Should I wait for a bit of market correction to invest my corpus into the debt funds or do these above mentioned debt funds have no correlation with the Sensex/Nifty?
Would it be prudent to do a lumpsum investment in the debt funds or should it be staggered?
The fixed-income asset class has different risk- return characteristics compared to equities. and historically has had a low correlation with equities. A low correlation between a pair of assets/asset classes indicates no significant relationship between their performance.
As the name suggests, fixed-income investments aim to earn a stable income stream and are used by investors to protect against erosion of purchasing power of their money. Given their low correlation with equities, these are not impacted by either sharp up/down movements in equity markets.

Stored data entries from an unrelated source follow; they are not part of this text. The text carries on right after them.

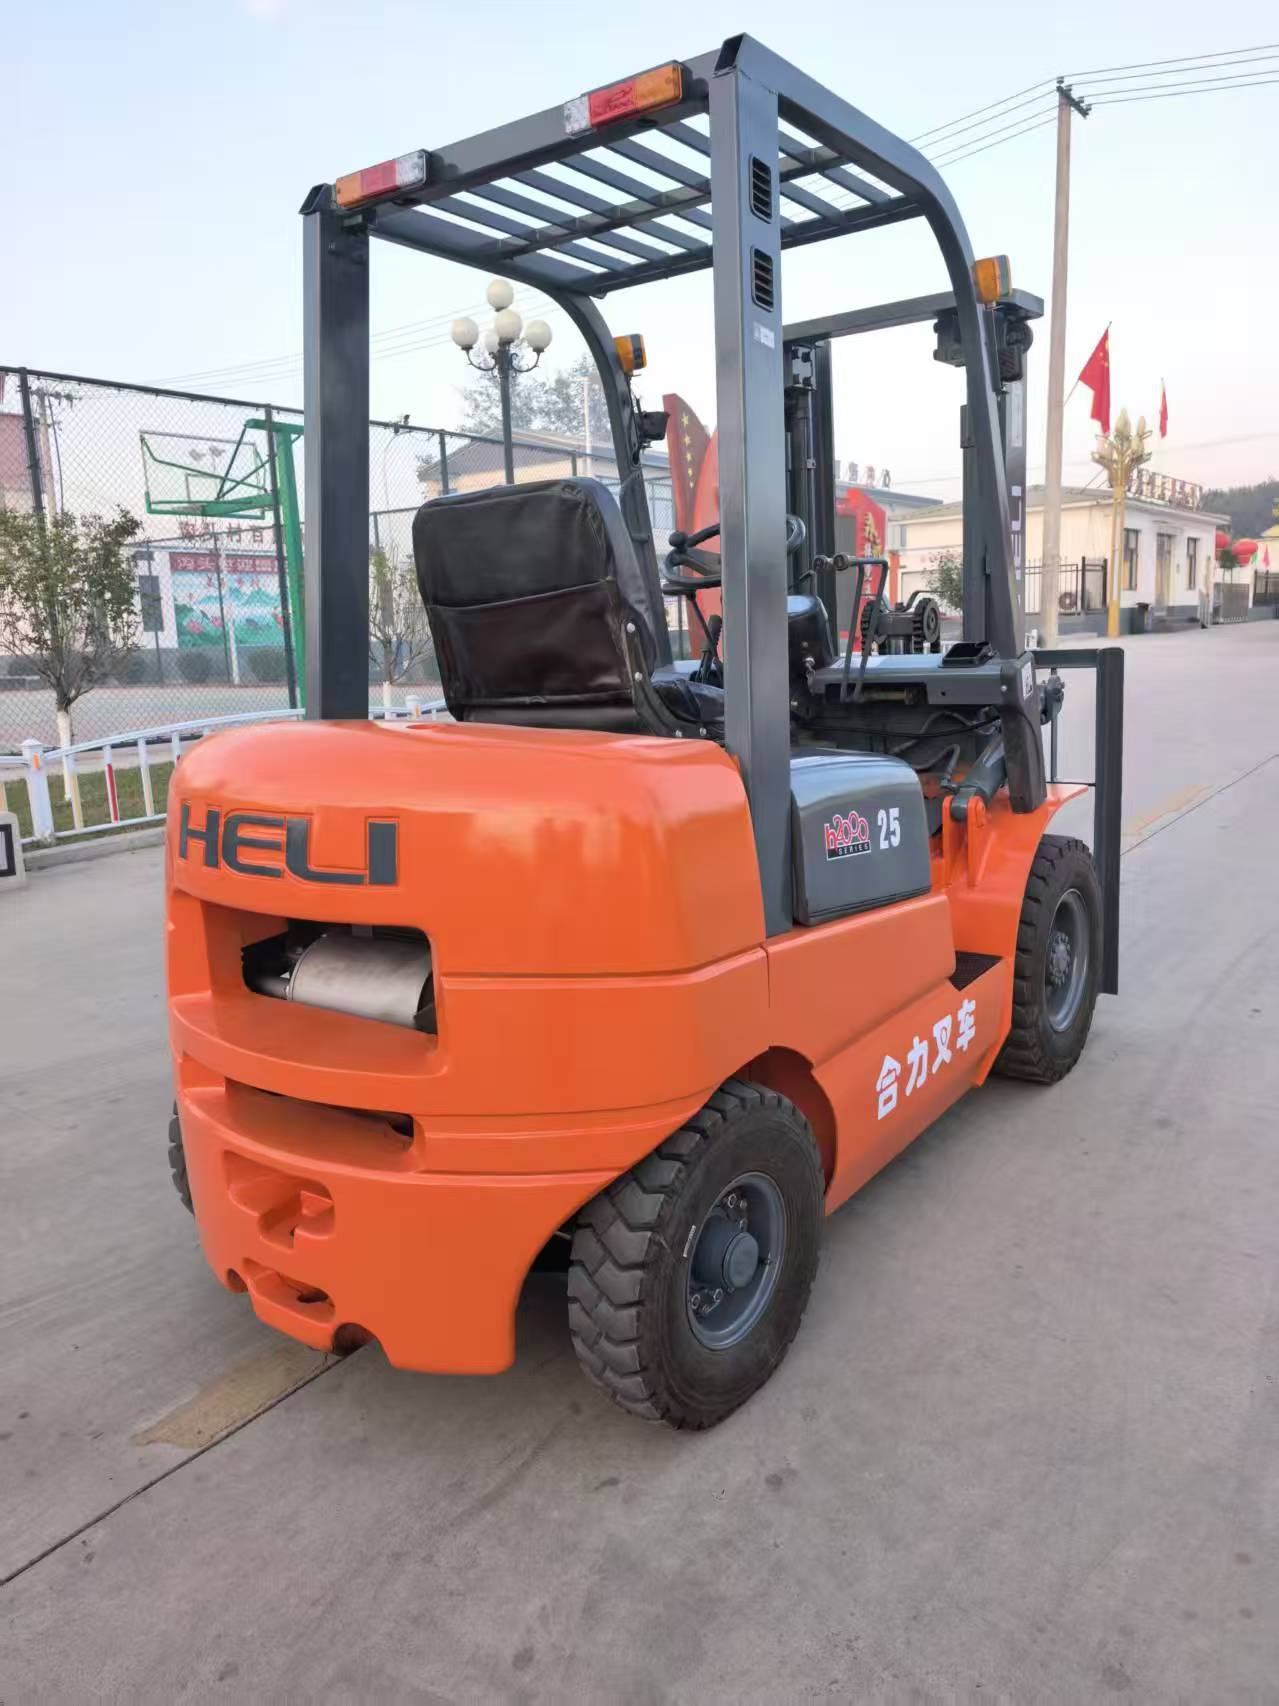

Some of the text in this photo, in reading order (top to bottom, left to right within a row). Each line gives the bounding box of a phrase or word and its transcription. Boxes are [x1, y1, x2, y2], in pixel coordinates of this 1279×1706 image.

[179, 803, 397, 884] HELI
[824, 811, 870, 849] h2000
[878, 807, 901, 849] 25
[838, 843, 869, 856] SERIES
[876, 999, 976, 1120] 合力叉车

As fixed-income investments are not as volatile as equities and tend to move upwards steadily, you can invest a lumpsum amount into fixed-income funds to start with, and then use the systematic transfer plan (STP) route to periodically and consistently shift the exposure into equities.
Invest into fixed-income funds with a high quality (safer) portfolio and minimal duration (interest rate) risk such as ultra-short, low duration or money-market funds to protect the corpus from any drawdowns. Look at the past performance of the fund to evaluate any significant downgrades/defaults in the portfolio which are testament to a fund’s risk management process.
Ensure funds selected for STP do not have an exit load – most shorter duration funds do not levy any exit load currently.
Valuations play a defining role while entering any asset class. Lower (cheaper) valuations reduce the risk of drawdowns and improve upside potential, and vice-versa. Having witnessed headwinds in February-March 2020, equities have since rallied sharply with benchmark indices touching record highs on the back of a glut of liquidity pumped in by global central banks, fiscal support, and optimism over a faster-than-anticipated economic recovery amid vaccine roll-outs and easier lock-down conditions.
The sharp market rally has resulted in seemingly stretched valuations, which has toned down future return expectations from equities. However, if you have a long investment horizon (10+ years), equities can be expected to deliver superior returns than fixed income.
You may also consider investing into attractively valued global regions via exposure to international funds. International equities offer exposure to diverse economic growth drivers and provide a hedge against currency depreciation.